With a nod to great American leaders, including former President Franklin Roosevelt, he warned against sowing seeds of fear.
“We have two possible ways ahead. We can choose isolationism, withdrawal and nationalism. It can be tempting to us as a temporary remedy to our fears,” he said. “But closing the door to the world will not stop the evolution of the world.”
But he said international engagement was the only solution.
“This requires — more than ever — the United States’ involvement as your role was decisive for creating and guarding today’s free world. The United States is the one who invented this multilateralism. You are the one now who has to help preserve and reinvent it,” he said.
Macron told Congress that Iran will “never” be allowed to develop atomic weapons, as the fate of a landmark 2015 nuclear accord with Tehran hangs in the balance.
“Our objective is clear,” Macron told lawmakers on the final day of a state visit during which he and President Donald Trump called for a broader “deal” that would also limit Iran’s ballistic missile program and support for militant groups across the Middle East.
“Iran shall never possess any nuclear weapons. Not now. Not in five years. Not in 10 years. Never,” Macron said.
Macron has pushed for a new approach that would see the United States and Europe agree to block any Iranian nuclear activity until 2025 and beyond, address Iran’s ballistic missile program and generate conditions for a political solution to contain Iran in Yemen, Syria, Iraq and Lebanon.
“Whatever the decision of the United States will be, we will not leave the floor to the actions of rogues. We will not leave the floor to this conflict of powers in the Middle East,” Macron told Congress.
“I think we can work together to build this comprehensive deal for the whole region, for our people, because I think it fairly addresses our concerns,” he said.
On climate change, Macron told US lawmakers there is “no Planet B,” acknowledging a disagreement with President Donald Trump, who pulled his nation from the landmark Paris accord.

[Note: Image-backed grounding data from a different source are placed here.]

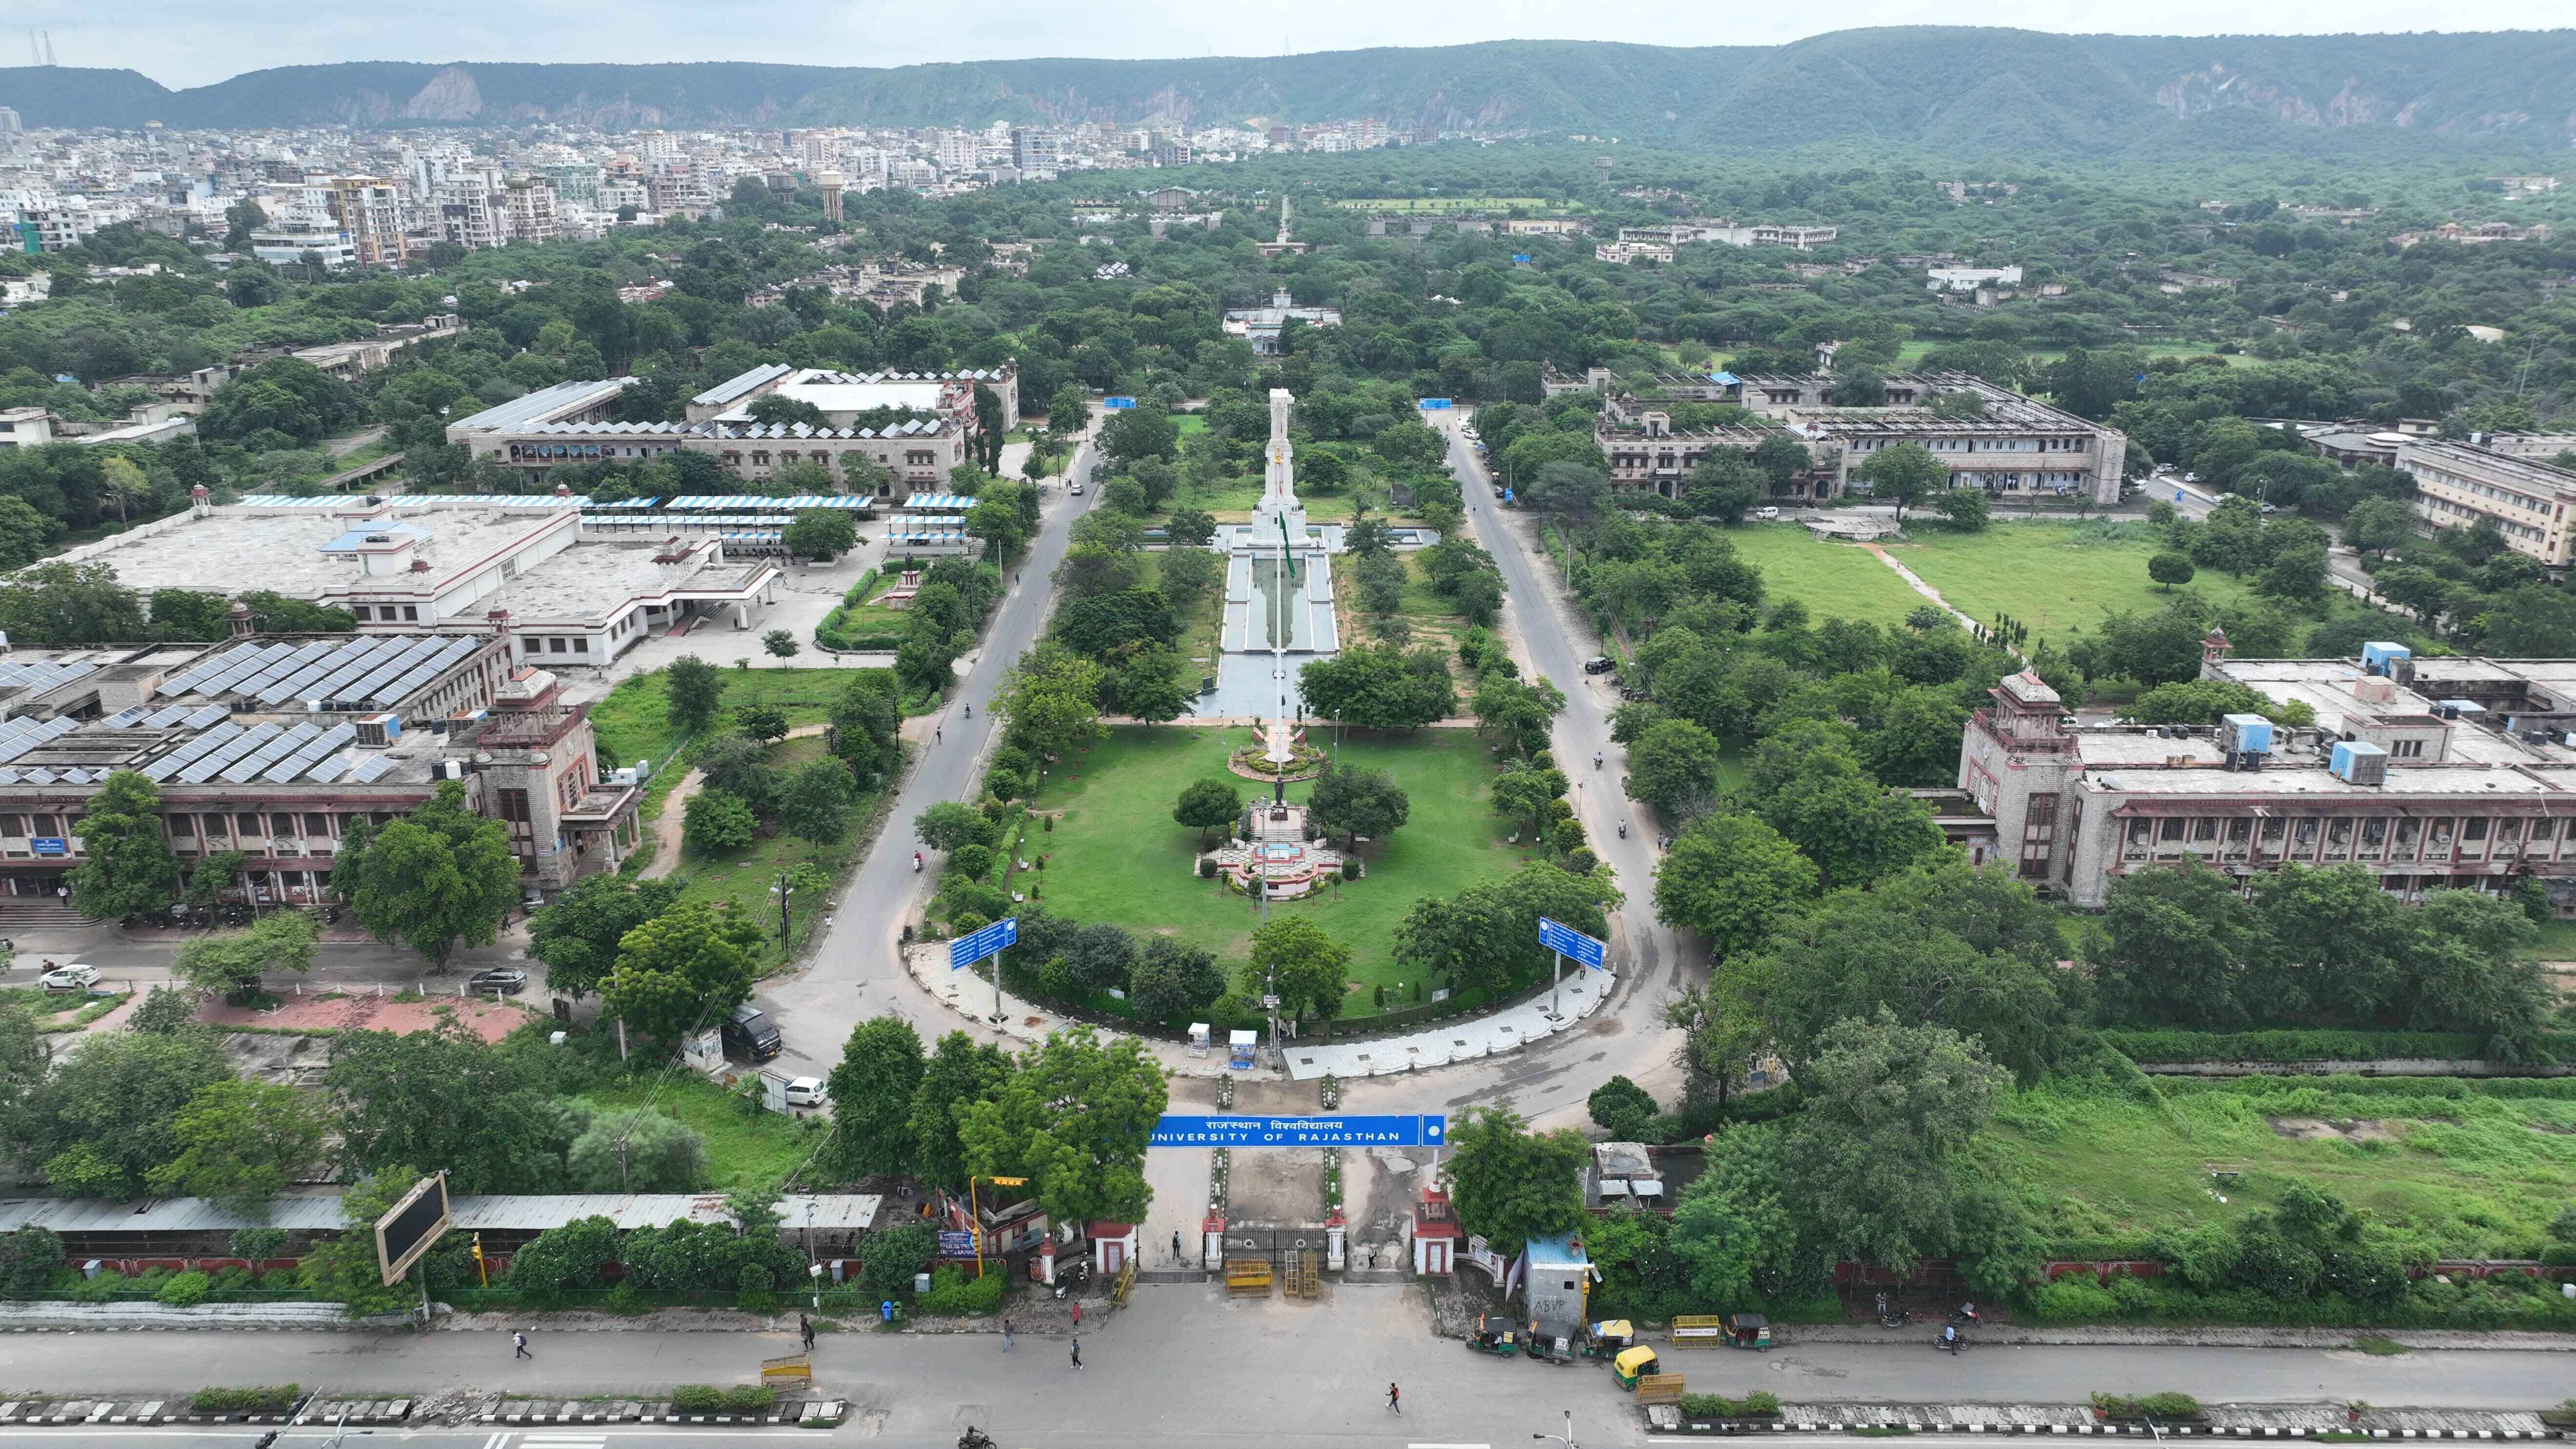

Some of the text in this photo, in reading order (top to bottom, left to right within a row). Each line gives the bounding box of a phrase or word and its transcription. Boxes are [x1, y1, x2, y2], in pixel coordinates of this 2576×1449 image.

[1206, 1120, 1343, 1130] राजस्थान विश्वविद्यालय
[1299, 1132, 1399, 1141] RAJASTHAN
[1533, 1300, 1564, 1312] ABVP
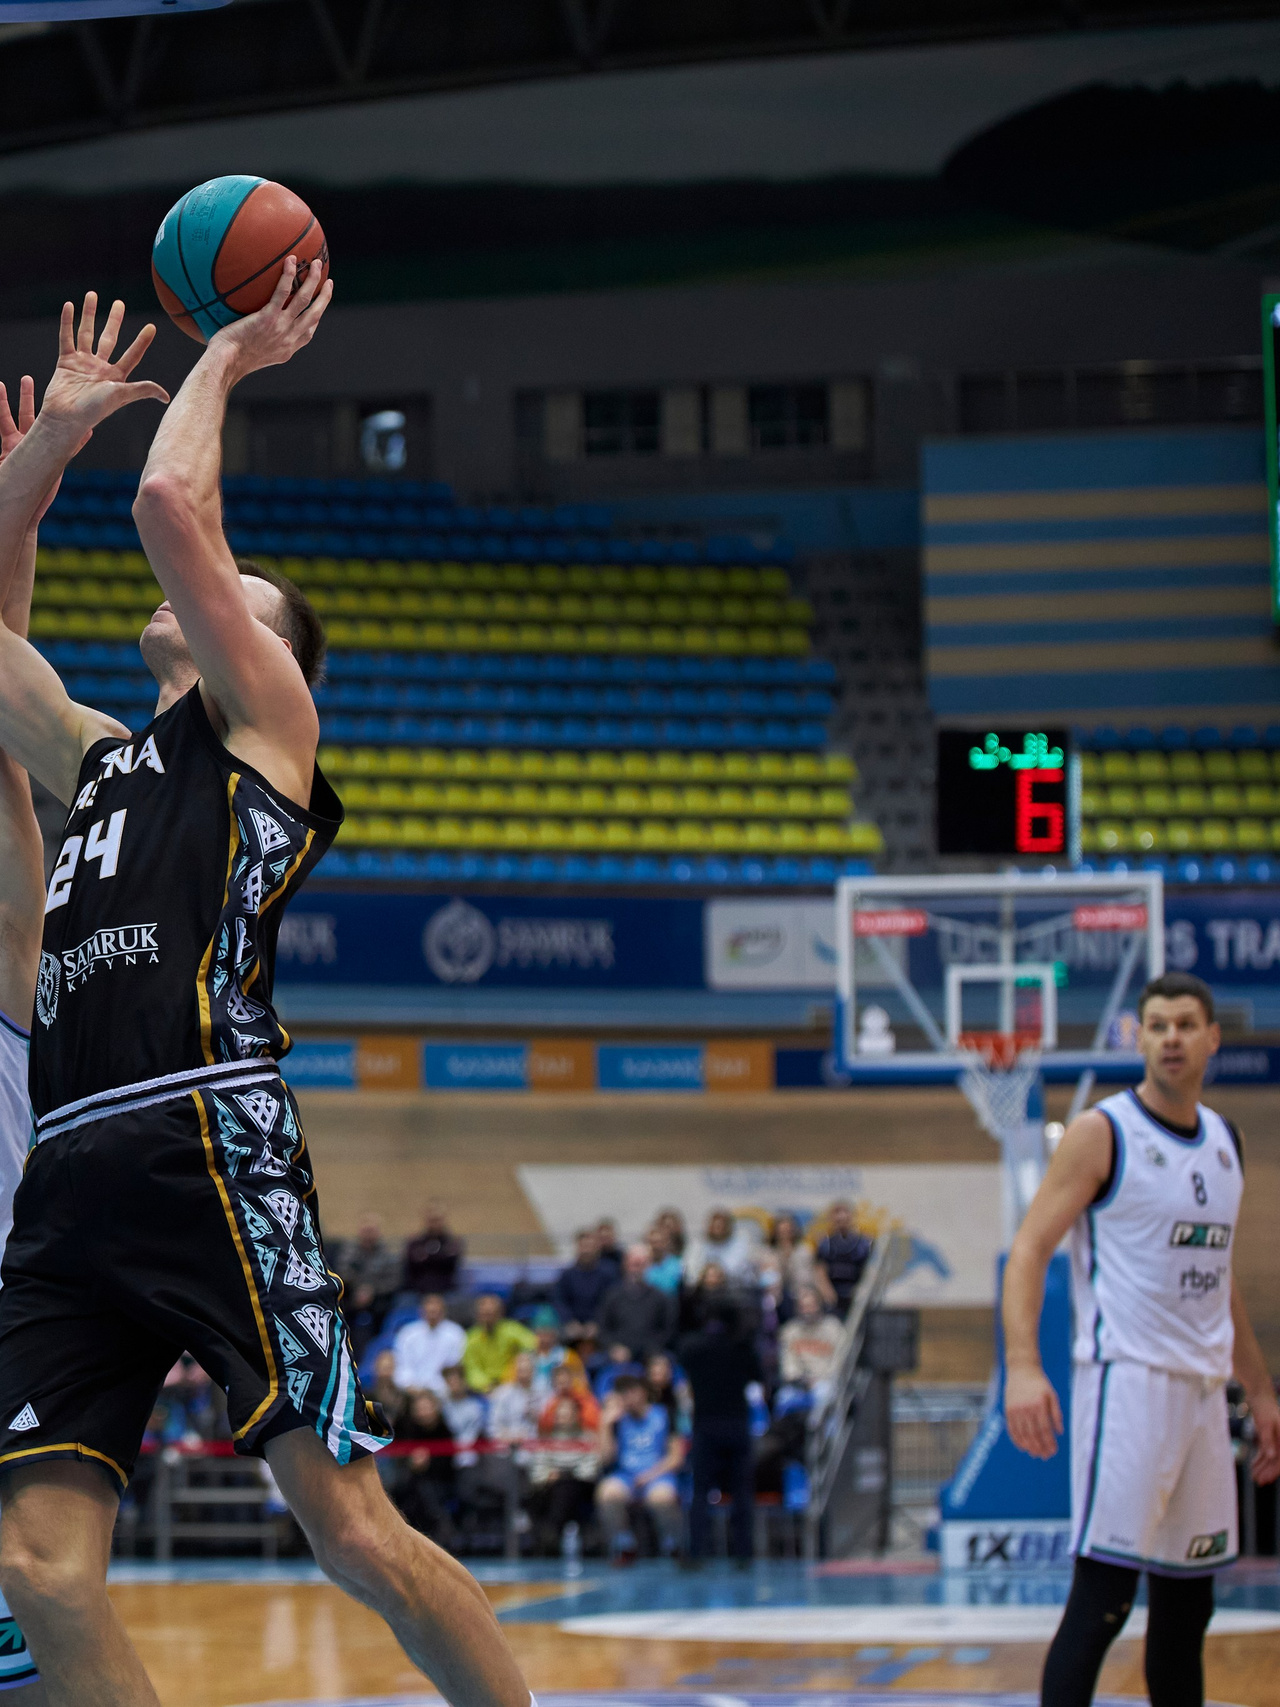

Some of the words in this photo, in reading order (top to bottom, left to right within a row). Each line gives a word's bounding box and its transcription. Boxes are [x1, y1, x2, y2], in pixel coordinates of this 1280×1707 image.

[1016, 768, 1065, 853] 6
[45, 808, 128, 916] 24
[63, 926, 159, 976] SAMRUK
[67, 952, 160, 993] KAZYNA
[1191, 1171, 1208, 1206] 8

“Let us face it. There is no Planet B,” Macron said in an address to Congress on the final day of his state visit to the United States.
“We have disagreements between the United States and France. It may happen, like in all families,” he said — but such differences would be short-term.
“We’re just citizens of the same planet,” Macron said.
“With business leaders and local communities, let us work together in order to make our planet great again and create new jobs and new opportunities while safeguarding our Earth. And I’m sure one day, the United States would come back and join the Paris agreement.”
Trump said last year that his country would withdraw from the accord, which aims to reduce damaging emissions and was signed by almost 200 countries.
Macron also lashed out against fake news — and gave a tongue-in-cheek apology for violating President Donald Trump’s “copyright” on the term.
He warned that lies disseminated online are threatening freedoms worldwide, saying: “Without reason, without truth, there is no real democracy because democracy is about true choices and rational decisions.”
Macron tasked his government this year with drafting a law to punish false information distributed during election campaigns. Macron says his presidential campaign last year was a victim of fake news, notably accusing Russian news sites RT and Sputnik.
He also warned against “terrorist propaganda that spreads its fanaticism on the Internet.”
In recounting common bonds from the earliest days of the United States, Macron talked about a meeting between Ben Franklin and the French philosopher Voltaire, “kissing each other’s cheeks.”
In an apparent reference to his friendly meetings this week with Trump, he said, “It can remind you of something.”
Macron was speaking as part of his visit to the United States. It’s the first time a president from France has addressed Congress in more than a decade, but follows a tradition of foreign leaders appearing at the US Capitol.